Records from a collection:
+++
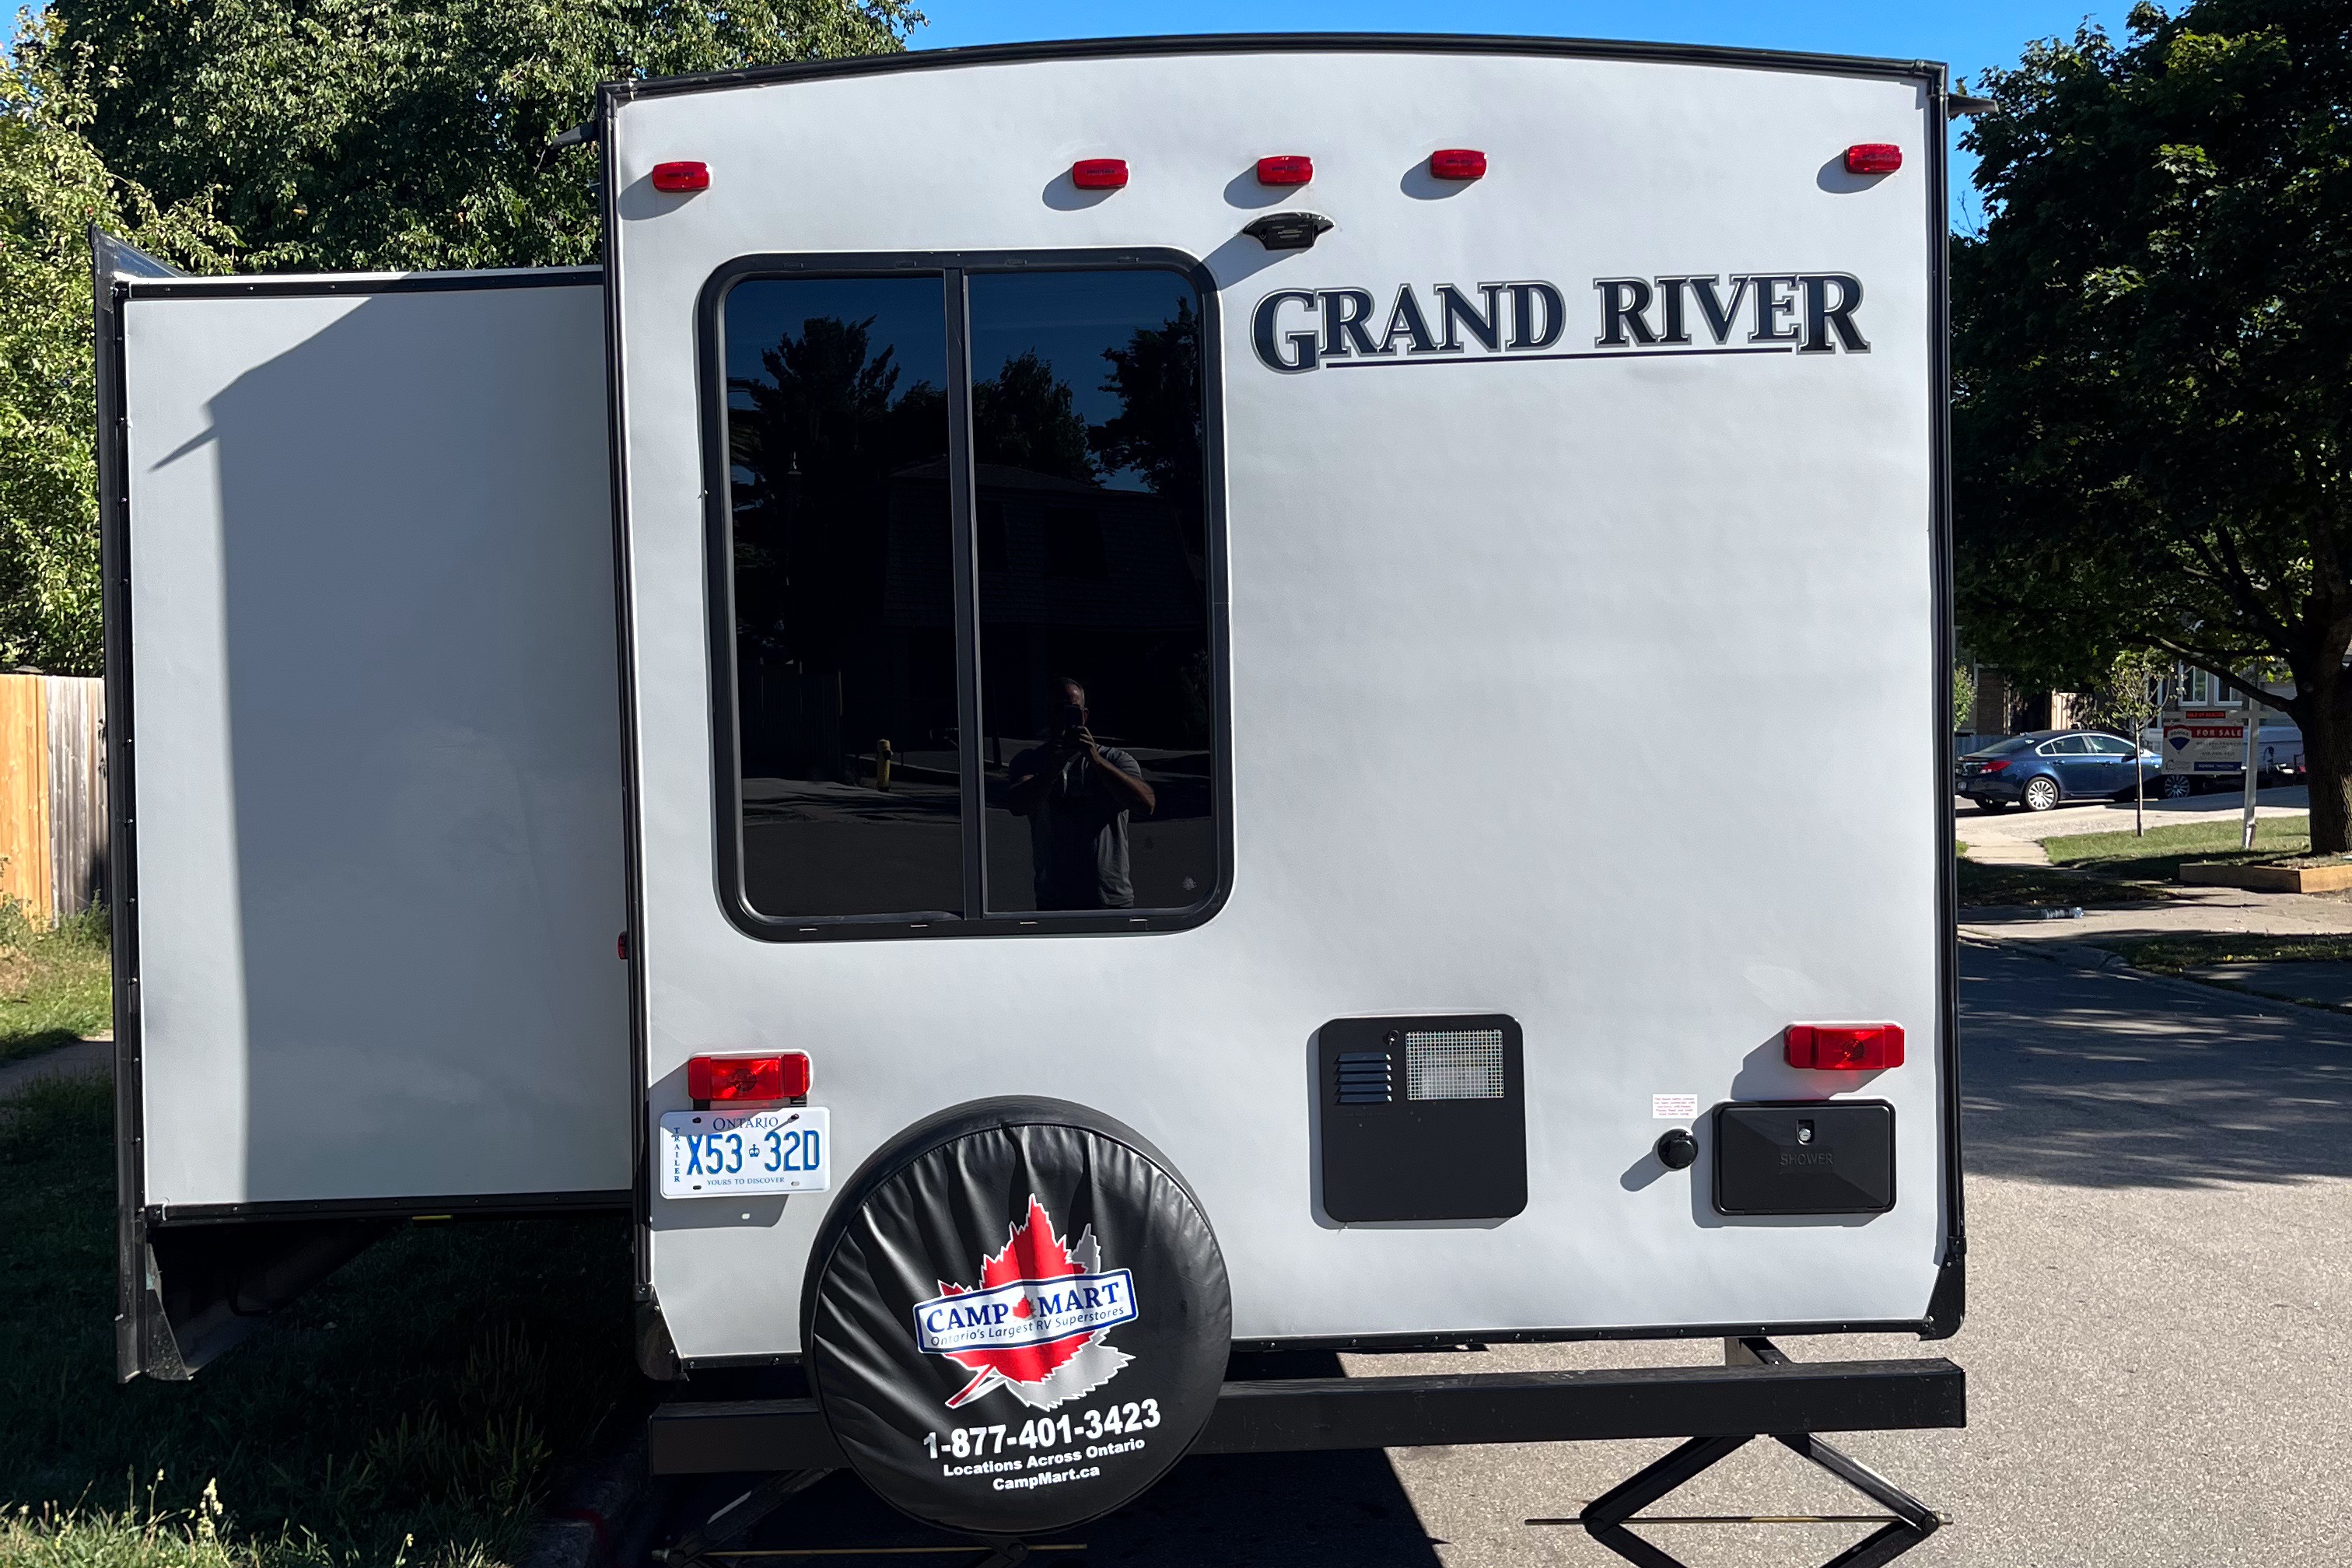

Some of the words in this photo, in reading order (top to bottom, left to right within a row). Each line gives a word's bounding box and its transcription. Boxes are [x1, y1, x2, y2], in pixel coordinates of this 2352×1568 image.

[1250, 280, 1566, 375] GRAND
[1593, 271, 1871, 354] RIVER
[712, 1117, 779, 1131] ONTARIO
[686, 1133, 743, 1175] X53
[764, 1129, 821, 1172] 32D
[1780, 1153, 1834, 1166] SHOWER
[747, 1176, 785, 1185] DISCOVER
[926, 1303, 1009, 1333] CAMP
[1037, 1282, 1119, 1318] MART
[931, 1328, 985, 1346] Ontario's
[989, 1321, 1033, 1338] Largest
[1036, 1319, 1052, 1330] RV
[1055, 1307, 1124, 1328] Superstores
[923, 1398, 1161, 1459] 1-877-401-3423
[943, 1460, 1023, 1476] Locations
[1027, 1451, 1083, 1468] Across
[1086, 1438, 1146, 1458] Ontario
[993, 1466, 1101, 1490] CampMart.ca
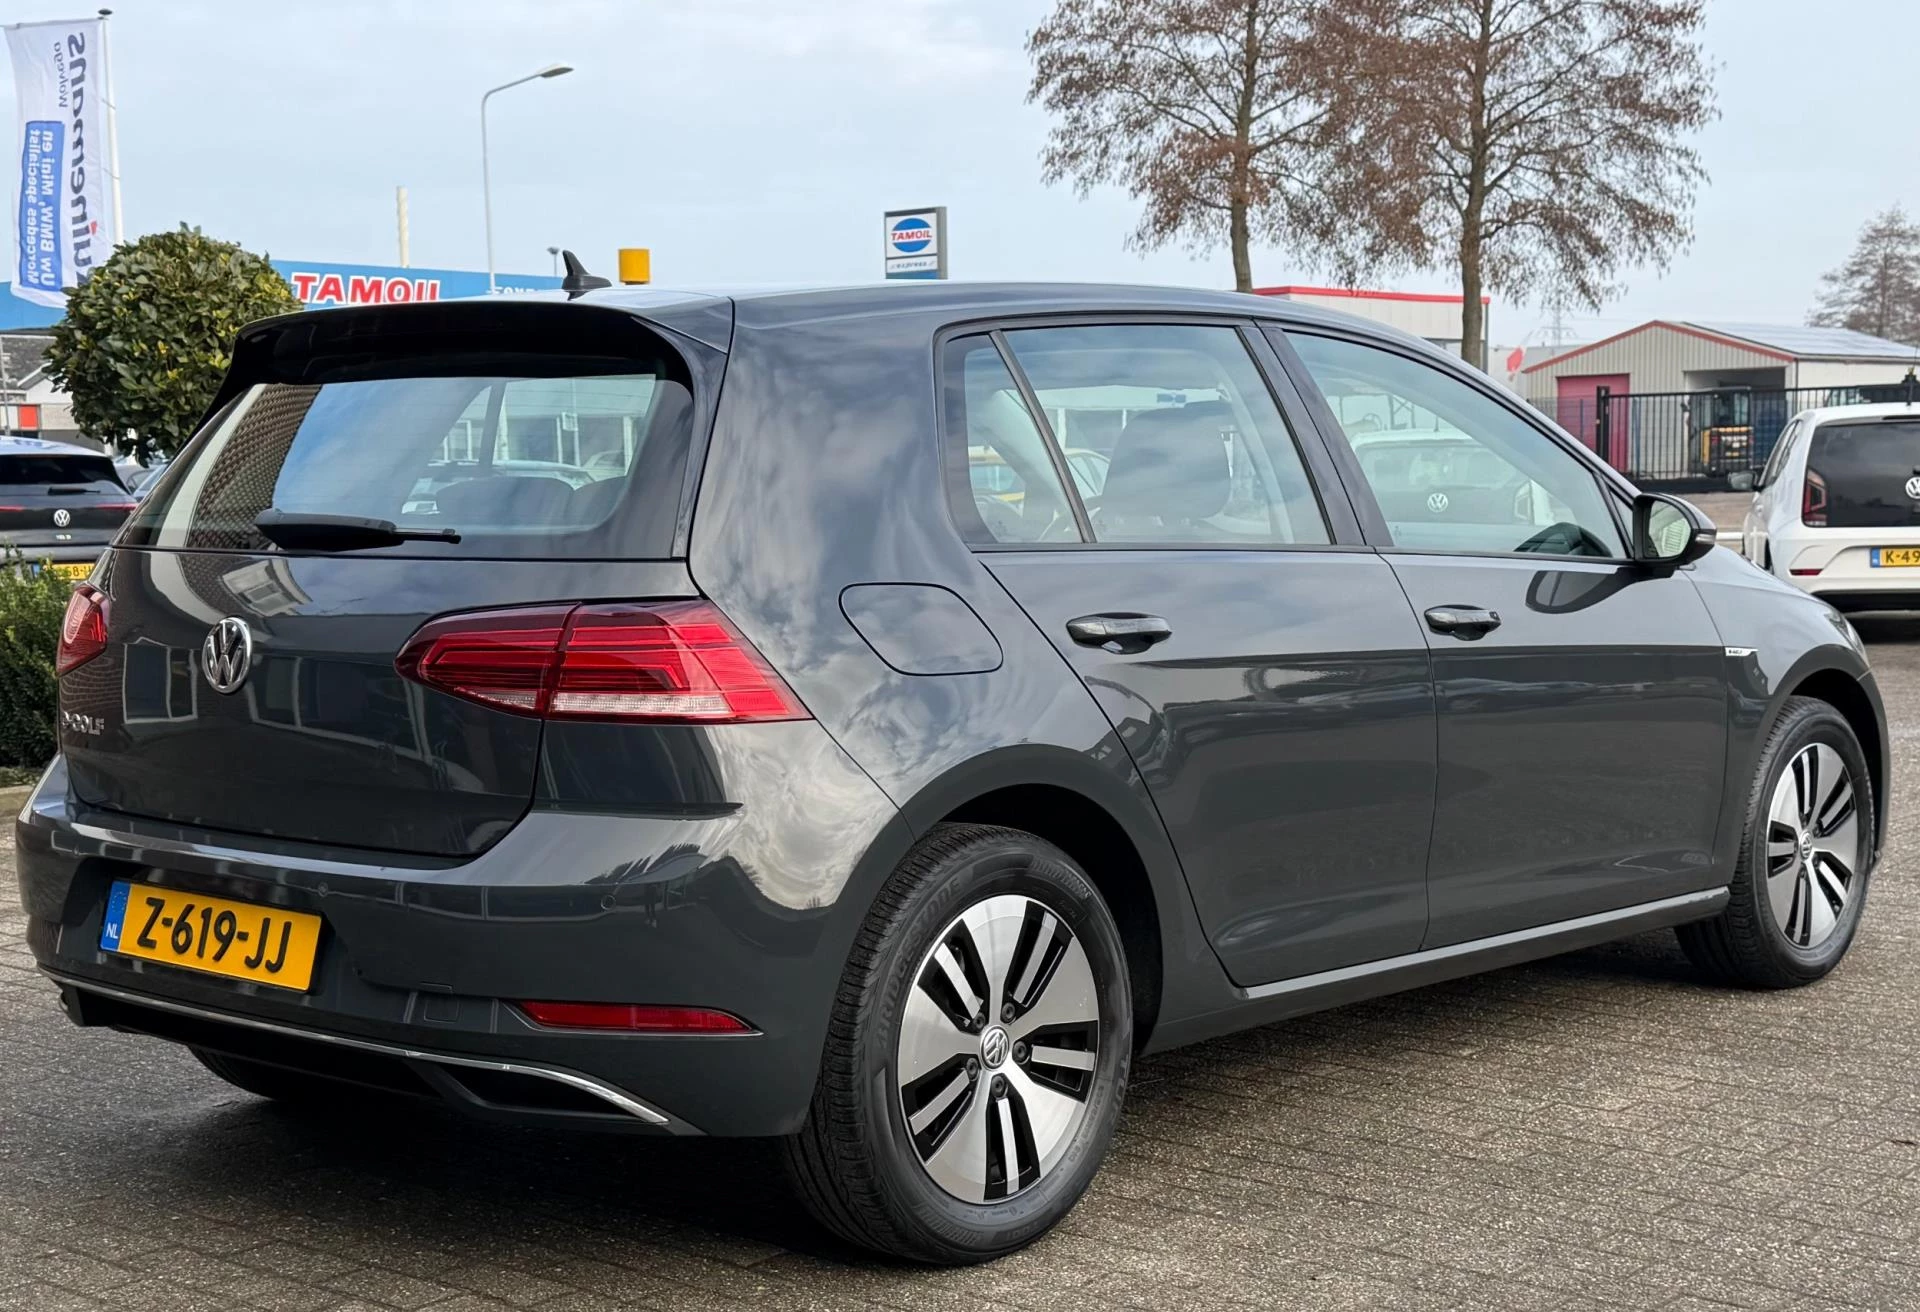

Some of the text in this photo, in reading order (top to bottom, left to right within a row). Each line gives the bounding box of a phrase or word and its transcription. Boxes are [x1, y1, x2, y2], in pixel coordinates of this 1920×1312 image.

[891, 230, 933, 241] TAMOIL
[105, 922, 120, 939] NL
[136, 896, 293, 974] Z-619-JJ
+++
**ABOUT THIS TASK**
Could you retype the records above exactly, omitting the pictures?

**EXERCISE SOLUTION**
Some of the words in this photo, in reading order (top to bottom, left to right within a row). Each line gives a word's bounding box and its transcription. Boxes are [x1, y1, x2, y2], in pixel coordinates of this 2352×1568 image.

[1250, 280, 1566, 375] GRAND
[1593, 271, 1871, 354] RIVER
[712, 1117, 779, 1131] ONTARIO
[686, 1133, 743, 1175] X53
[764, 1129, 821, 1172] 32D
[1780, 1153, 1834, 1166] SHOWER
[747, 1176, 785, 1185] DISCOVER
[926, 1303, 1009, 1333] CAMP
[1037, 1282, 1119, 1318] MART
[931, 1328, 985, 1346] Ontario's
[989, 1321, 1033, 1338] Largest
[1036, 1319, 1052, 1330] RV
[1055, 1307, 1124, 1328] Superstores
[923, 1398, 1161, 1459] 1-877-401-3423
[943, 1460, 1023, 1476] Locations
[1027, 1451, 1083, 1468] Across
[1086, 1438, 1146, 1458] Ontario
[993, 1466, 1101, 1490] CampMart.ca

Some of the text in this photo, in reading order (top to bottom, left to right within a row). Each line gives the bounding box of a phrase or word and its transcription. Boxes are [x1, y1, x2, y2], in pixel coordinates of this 1920×1312 image.

[891, 230, 933, 241] TAMOIL
[105, 922, 120, 939] NL
[136, 896, 293, 974] Z-619-JJ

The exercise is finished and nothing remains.